Lifeskills Testimonial - Dan J - Featured Image

Starting Over: Beginning to Rebuild Life at Lifeskills

Sometimes, you need to start over. You might have a mindset that hasn’t been serving you, a career that isn’t working for you, or a relationship that’s doing more harm than good. But it might be more encompassing than that.

Before going to Lifeskills, every part of my life had been ruptured, and I felt like I was at the end of my rope.

I arrived straight from the hospital after a six-hour drive. It was the second time I’d been involuntarily hospitalized that summer, and my family knew I could not go home. As I came down from the mania in the hospital, I started to see the damage I had done to myself and the people around me. I wasn’t sure if I deserved a second chance, but I knew I couldn’t go on living this way.

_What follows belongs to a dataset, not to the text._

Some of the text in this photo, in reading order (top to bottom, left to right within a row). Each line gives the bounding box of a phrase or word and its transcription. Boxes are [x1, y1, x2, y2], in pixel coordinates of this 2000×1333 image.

I did have some concerns. I was eager to rebuild my life, and while I knew I needed a lot of help, I thought it would be better to do that at home, in the context of a “normal life”. This was my third time going to treatment over the past six years. It is fundamentally uncomfortable to check yourself in and take an extended “time out”, and if it didn’t work the last time, why would Lifeskills be different?

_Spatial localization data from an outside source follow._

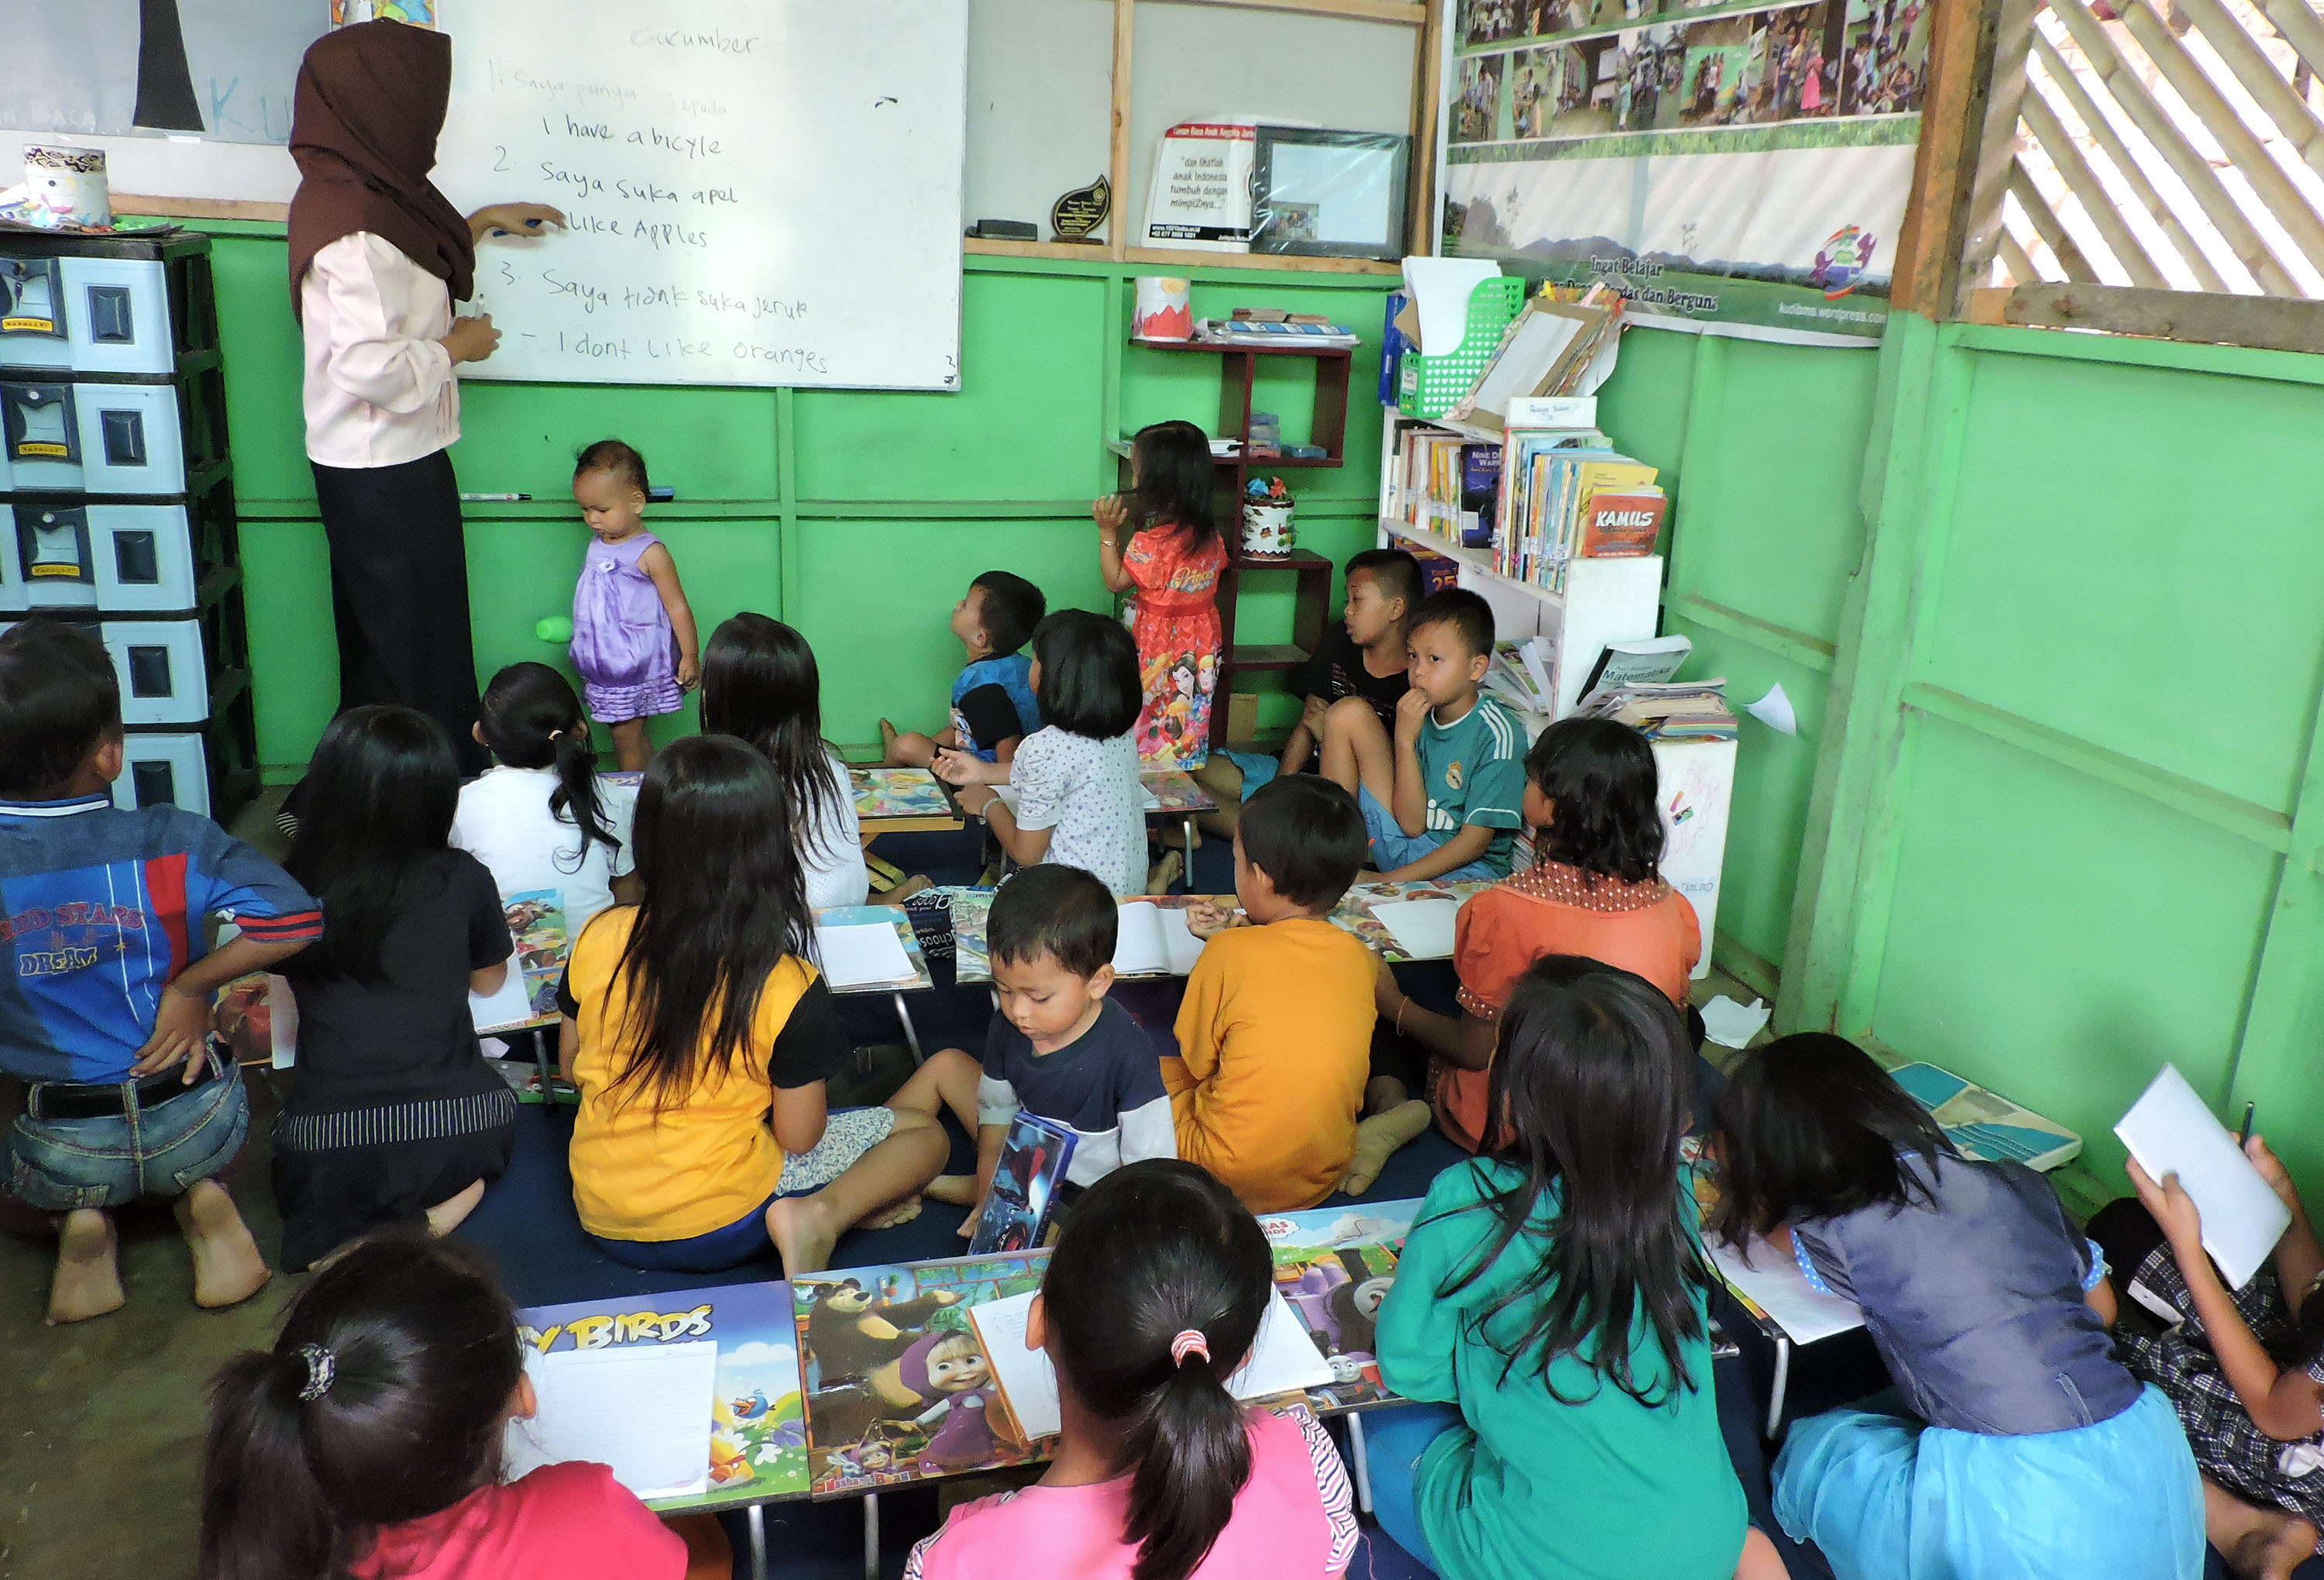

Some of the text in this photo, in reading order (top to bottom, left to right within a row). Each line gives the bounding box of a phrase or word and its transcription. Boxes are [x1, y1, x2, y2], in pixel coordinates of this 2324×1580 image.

[566, 113, 614, 140] have
[651, 127, 724, 160] bicyle
[541, 161, 604, 198] Saya
[692, 187, 739, 205] apel
[634, 219, 708, 249] Apples
[1590, 254, 1664, 280] Ingat Belajar
[542, 269, 608, 314] Saya
[1642, 285, 1665, 303] dan
[576, 336, 631, 359] dont
[732, 340, 828, 373] oranges
[1596, 510, 1655, 527] KAMUS
[1602, 666, 1672, 682] Matematika
[55, 901, 143, 930] STARS
[19, 946, 98, 976] DREAM
[566, 1303, 713, 1351] BIRDS

Ultimately, I didn’t fight the decision. After an intense depressive episode followed by a 3-month mania that escalated into psychosis, my career was in shambles, my relationships had been severed or strained, and it felt like even my thoughts had not been my own for many months. Whether I thought it would work or not, I needed that break. I needed help, and I needed to restart.


Dan J Photo

Starting the treatment journey

I was in no state to handle an admissions process, but Lifeskills worked with my family to get me in immediately. My best friend rode down with me. When I arrived, I was given a room in a house with four housemates who were further along in their recovery. We had a kitchen, and this was a pleasant surprise for me—-most treatment centers do not let you make your own food. This ended up being instrumental in my recovery. Being able to shop for myself and determine my own diet gave me a sense of control and independence that I desperately needed.

Soon enough, I met my primary therapist, Sandy, and my family therapist, Esther. This was also something I hadn’t had in treatment before: a dedicated family therapist that I met with every week to help specifically with my relationships. Esther has an Orthodox Jewish background, just like me and my family, which was a huge help in the therapeutic relationship. Through her, I began to understand what my parents went through that summer, building the perspective I needed to strengthen my relationship with them.

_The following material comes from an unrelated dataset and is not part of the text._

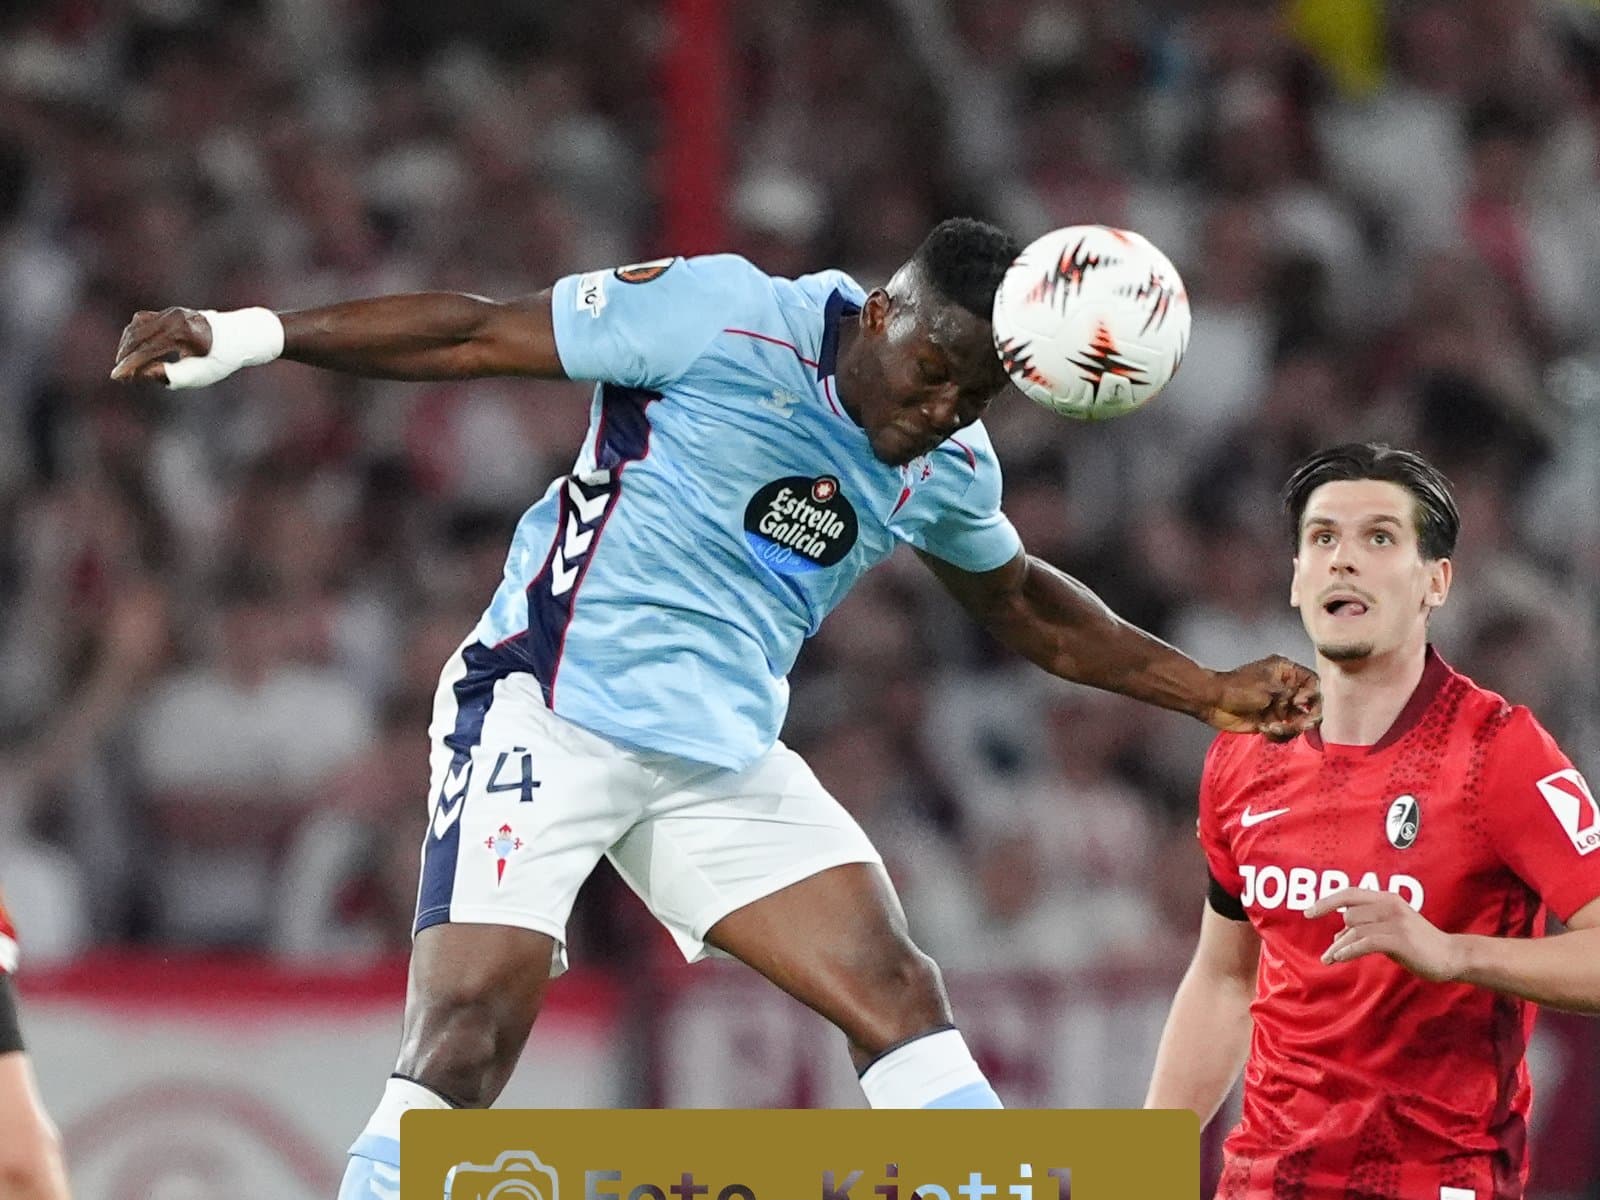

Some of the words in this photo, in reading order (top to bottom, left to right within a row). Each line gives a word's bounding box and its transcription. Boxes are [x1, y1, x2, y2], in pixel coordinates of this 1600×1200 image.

[759, 510, 827, 558] Galicia
[768, 487, 845, 539] Estrella
[486, 745, 542, 802] 4

Adjusting to life in treatment

Residential treatment centers are generally restrictive: you can’t leave the property alone, there are techs keeping track of your whereabouts, and you have limited phone and internet access. Lifeskills has a phone use policy: you don’t use your personal phone but you can register for a 15-minute phone call slot daily. This structure felt restrictive at first, but through my family therapist, I could have hour-long conversations with the people that most matter in my recovery. Before coming to Lifeskills, I had developed a toxic relationship with social media. When I was depressed, it gave me every excuse not to get out of bed; when I was manic, it overstimulated me and gave me feeds of people to get mad at. Staying silent online was crucial in developing a better relationship with technology and also in giving space to the people I’d hurt.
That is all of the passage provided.